Autolymphocytes (ALT cells) are ex vivo activated peripheral blood lymphocytes (PBL) from tumor-bearing hosts (TBH) that consist primarily of tumor specific CD45RO+ (memory) T cells. These ALT cells combined with cimetidine as autolymphocyte therapy (ALT) have previously been demonstrated to be a safe and active form of outpatient adoptive immunotherapy (AIT) in human TBH with metastatic renal cell cancer (RCC). To determine activity of ALT in human TBH with therapy-resistant solid tumors other than RCC and whether it was feasible to combine ALT with chemotherapy, we studied 21 patients with relapsed or primary refractory solid tumors following a study protocol of adoptive chemoimmunotherapy (ACIT) using ALT and cyclophosphamide. Twenty patients were evaluable. Five responses were seen, including two complete responses (CRs) and three partial responses (PRs).
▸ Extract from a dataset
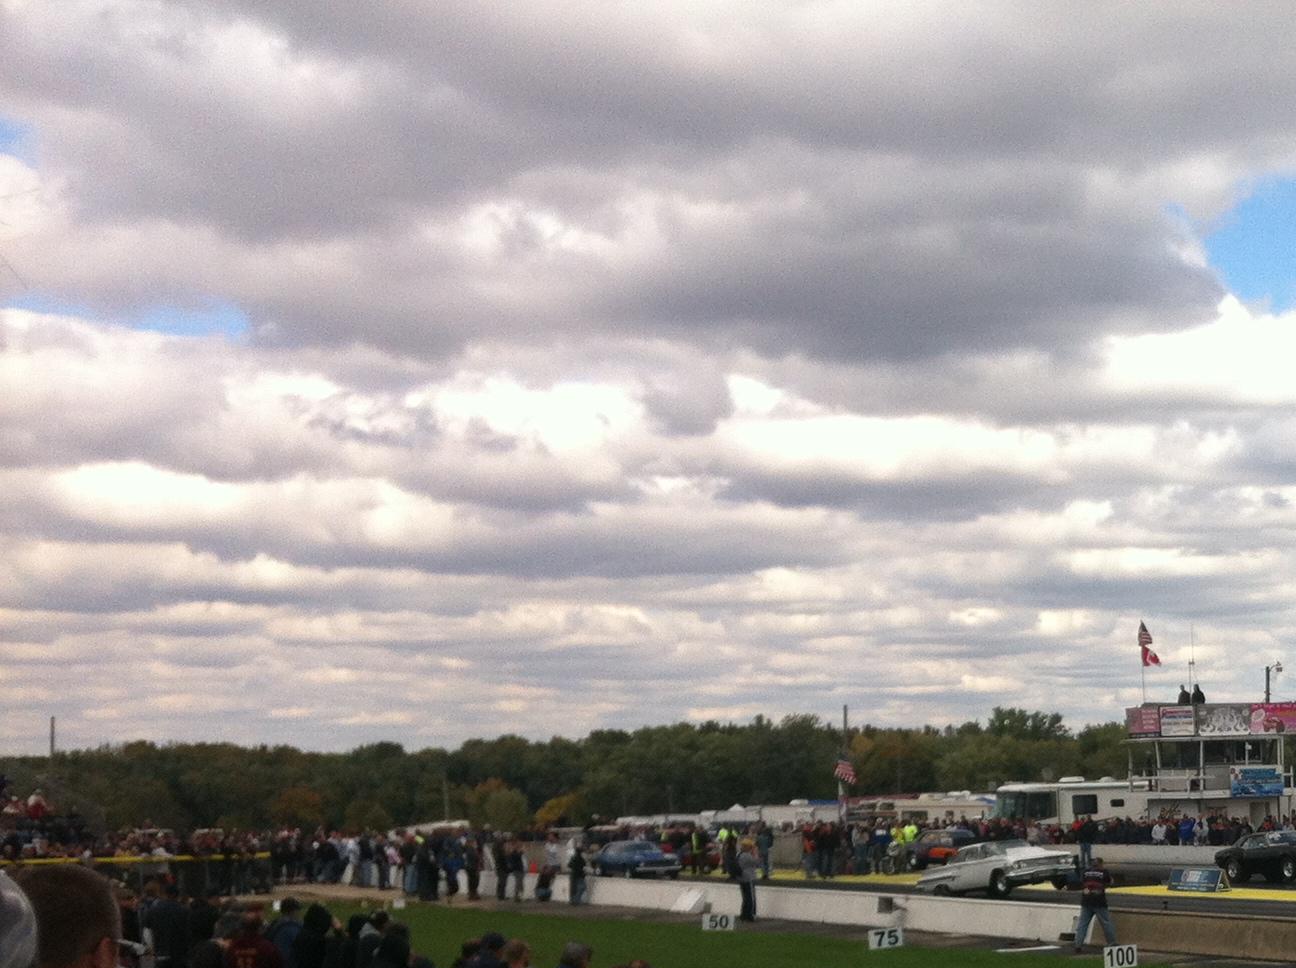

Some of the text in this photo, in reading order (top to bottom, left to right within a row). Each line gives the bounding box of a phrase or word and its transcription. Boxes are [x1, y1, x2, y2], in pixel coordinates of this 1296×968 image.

ACIT activity was noted in relapsed TBH who had responded to their previous chemotherapy and/or radiation therapy. The toxic effects of this ACIT study were minimal with no treatment-related morbidity or mortality. It appears that in some relapsed but not primary refractory solid tumors, ACIT using ALT (CD45RO+ T cells and cimetidine) together with cyclophosphamide has definite antitumor activity associated with little or no toxic effects. Further studies of ACIT in solid tumors other than RCC are justified.